(Annotated photo localization data)
>>>>>
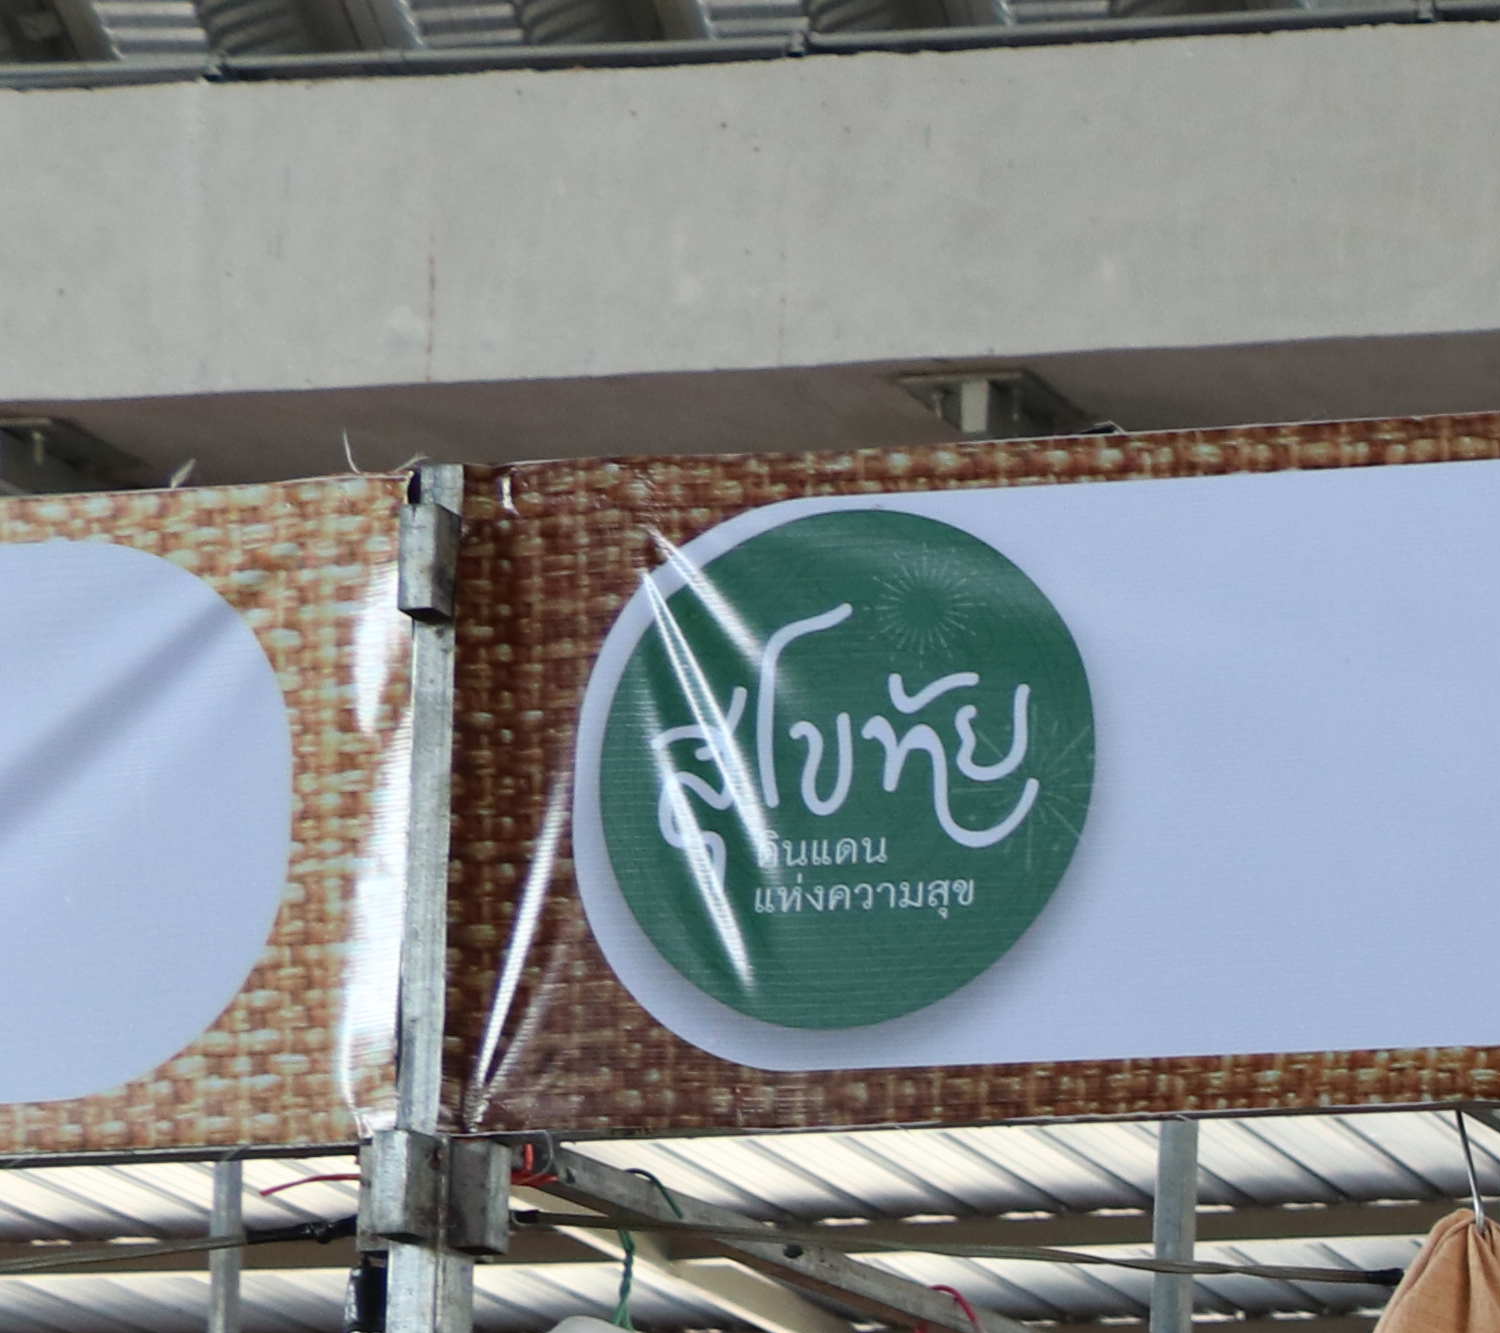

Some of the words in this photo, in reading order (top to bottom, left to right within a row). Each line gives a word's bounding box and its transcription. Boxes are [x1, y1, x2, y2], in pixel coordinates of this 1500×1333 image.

[651, 602, 1040, 893] สุโขทัย
[757, 827, 889, 869] ดินแดน
[753, 876, 976, 919] แห่งความสุข
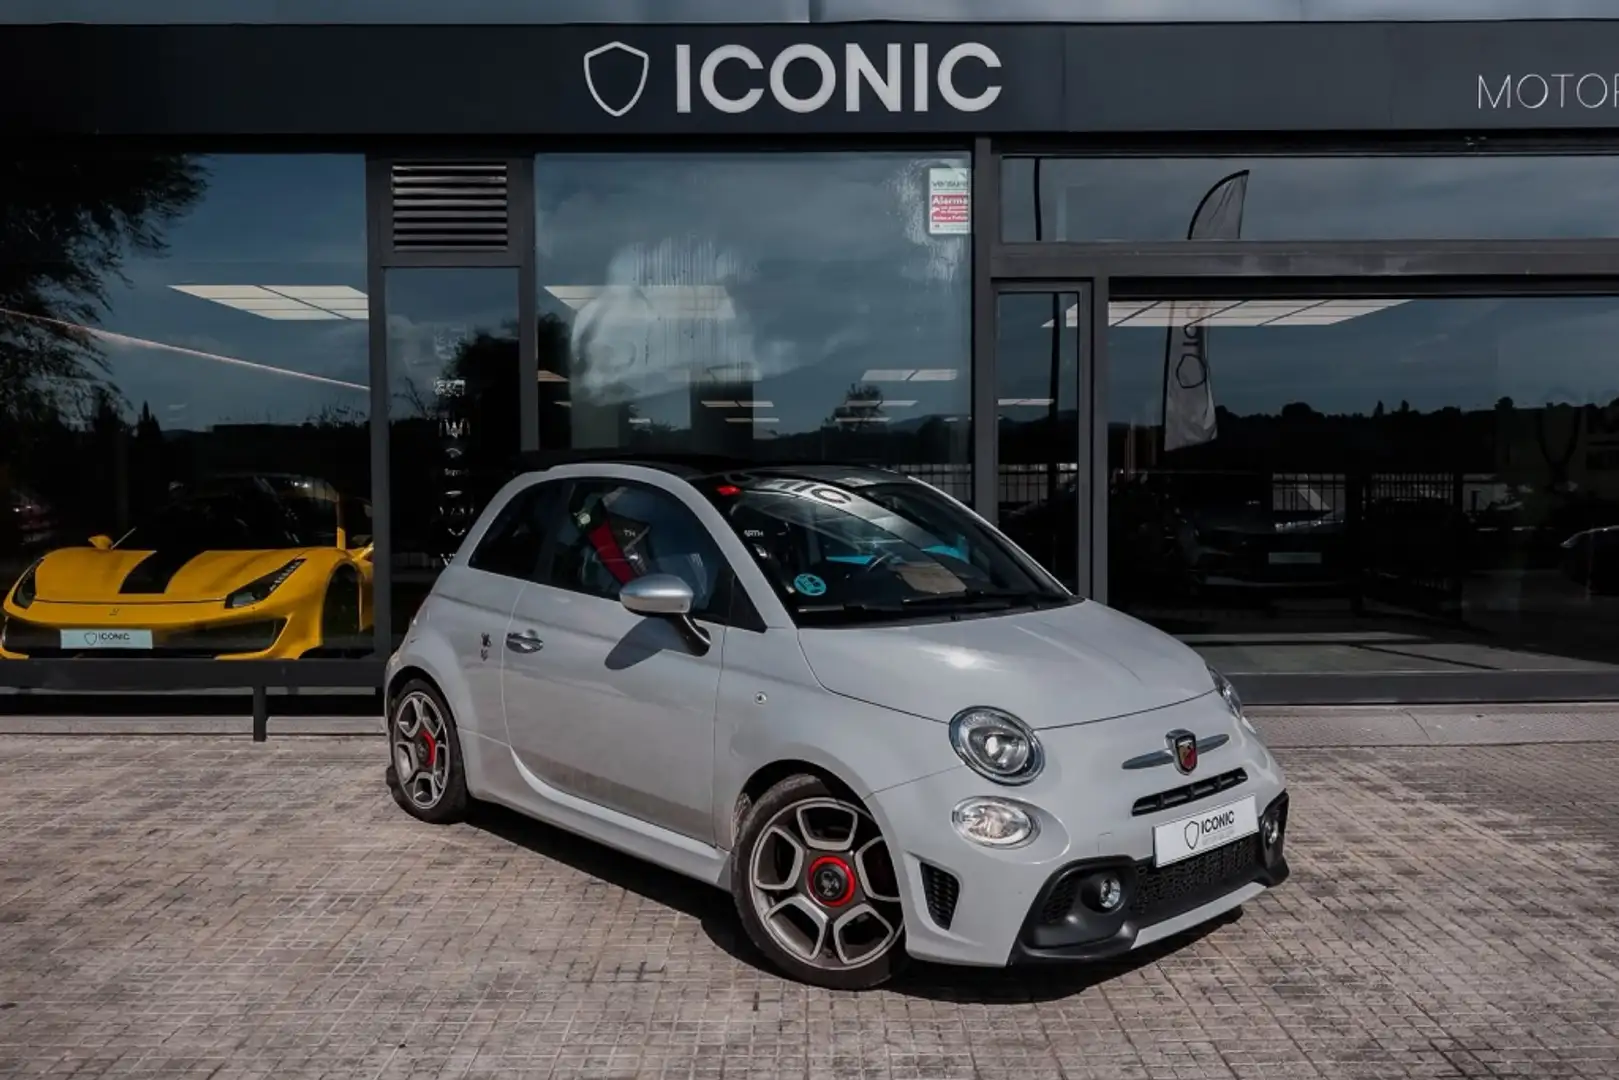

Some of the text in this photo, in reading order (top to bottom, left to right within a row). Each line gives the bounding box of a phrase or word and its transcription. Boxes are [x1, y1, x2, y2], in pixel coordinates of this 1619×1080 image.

[676, 42, 1003, 113] ICONIC
[1477, 73, 1619, 109] MOTO
[98, 632, 130, 640] ICONIC
[1201, 810, 1235, 834] ICONIC
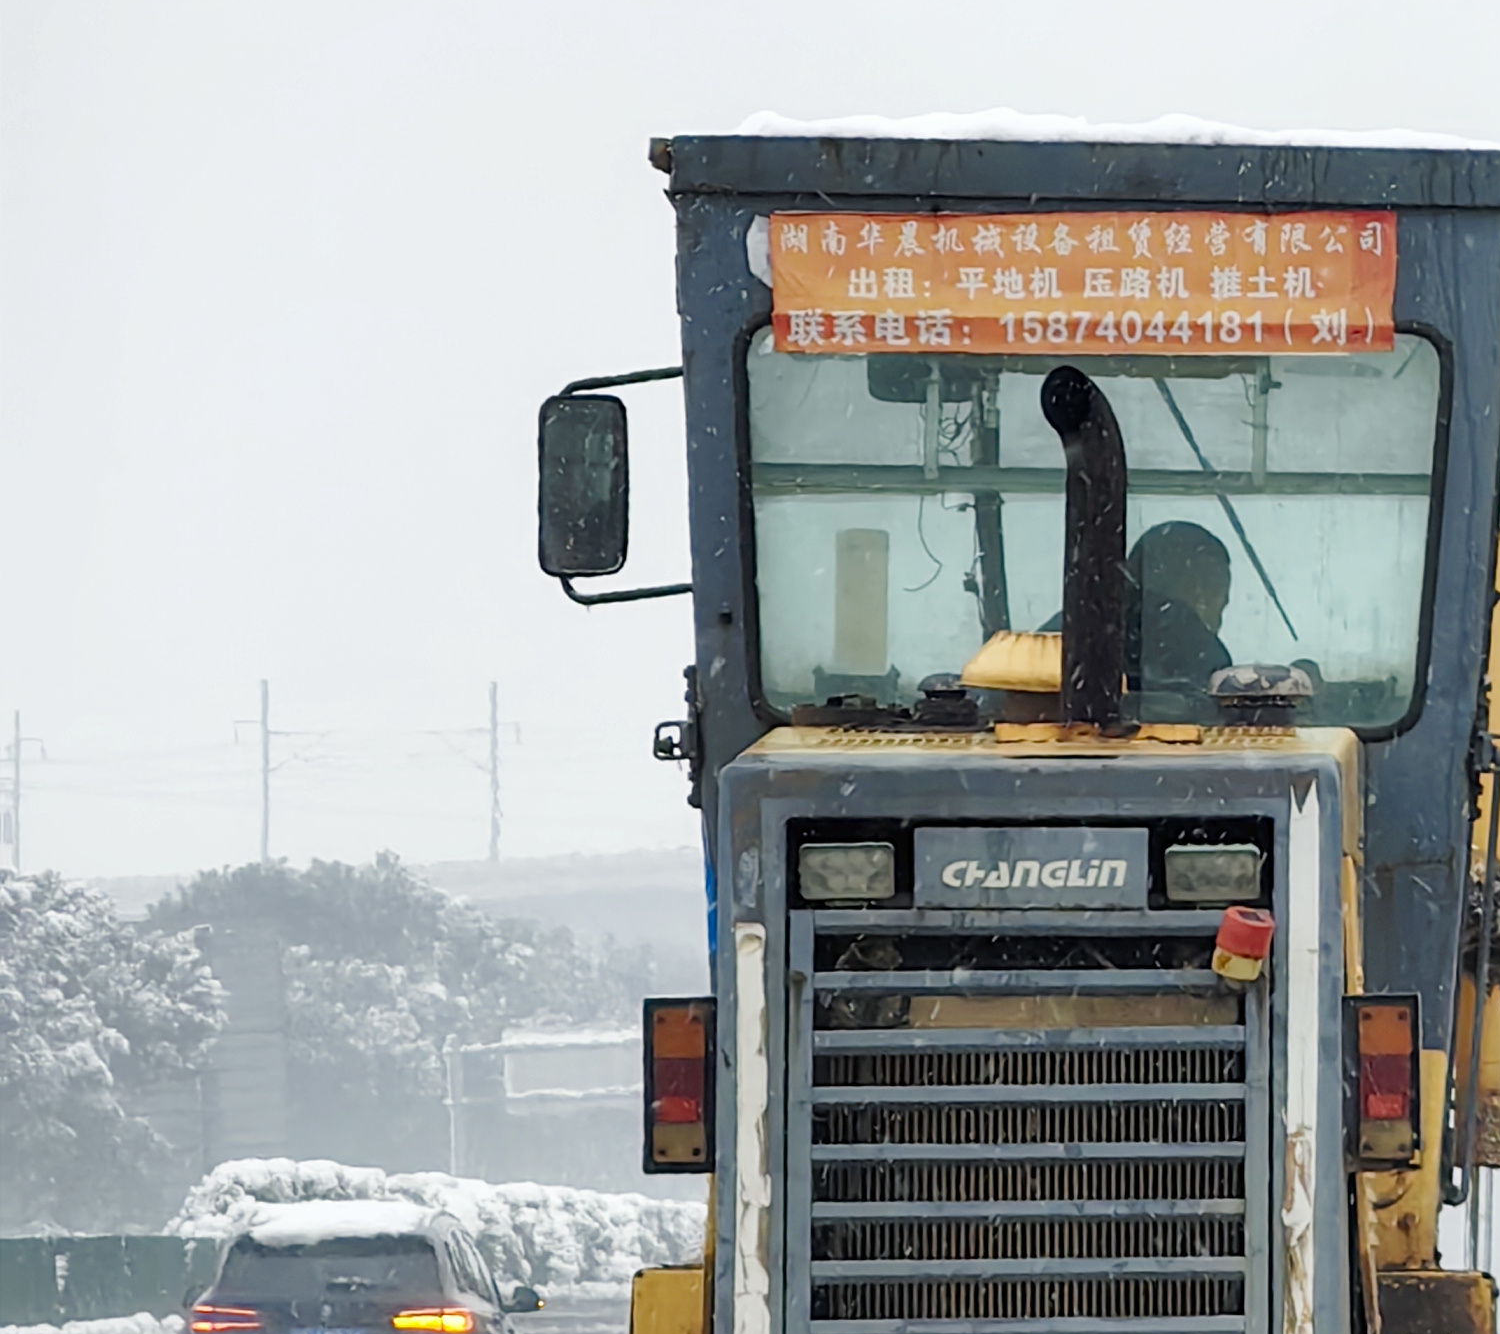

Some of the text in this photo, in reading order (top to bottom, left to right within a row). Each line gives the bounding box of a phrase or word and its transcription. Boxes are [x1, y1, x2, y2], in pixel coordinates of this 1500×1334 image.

[1082, 267, 1190, 299] 压路机
[1210, 267, 1317, 299] 推土机
<<<<<
▸ **What to produce**
Would you transcribe all of the data exactly, apart from its pictures?

▸ **Solution to this task**
Some of the words in this photo, in reading order (top to bottom, left to right within a row). Each line gives a word's bounding box and its transcription. Boxes are [x1, y1, x2, y2], in pixel coordinates of this 1500×1333 image.

[651, 602, 1040, 893] สุโขทัย
[757, 827, 889, 869] ดินแดน
[753, 876, 976, 919] แห่งความสุข

Some of the text in this photo, in reading order (top to bottom, left to right within a row). Each line gives the bounding box of a phrase or word and its transcription. Boxes are [x1, y1, x2, y2], in pixel coordinates of this 1619×1080 image.

[676, 42, 1003, 113] ICONIC
[1477, 73, 1619, 109] MOTO
[98, 632, 130, 640] ICONIC
[1201, 810, 1235, 834] ICONIC

Some of the text in this photo, in reading order (top to bottom, left to right within a row). Each line gives the bounding box of a phrase or word and its transcription. Boxes are [x1, y1, x2, y2], in pixel coordinates of this 1500×1334 image.

[1082, 267, 1190, 299] 压路机
[1210, 267, 1317, 299] 推土机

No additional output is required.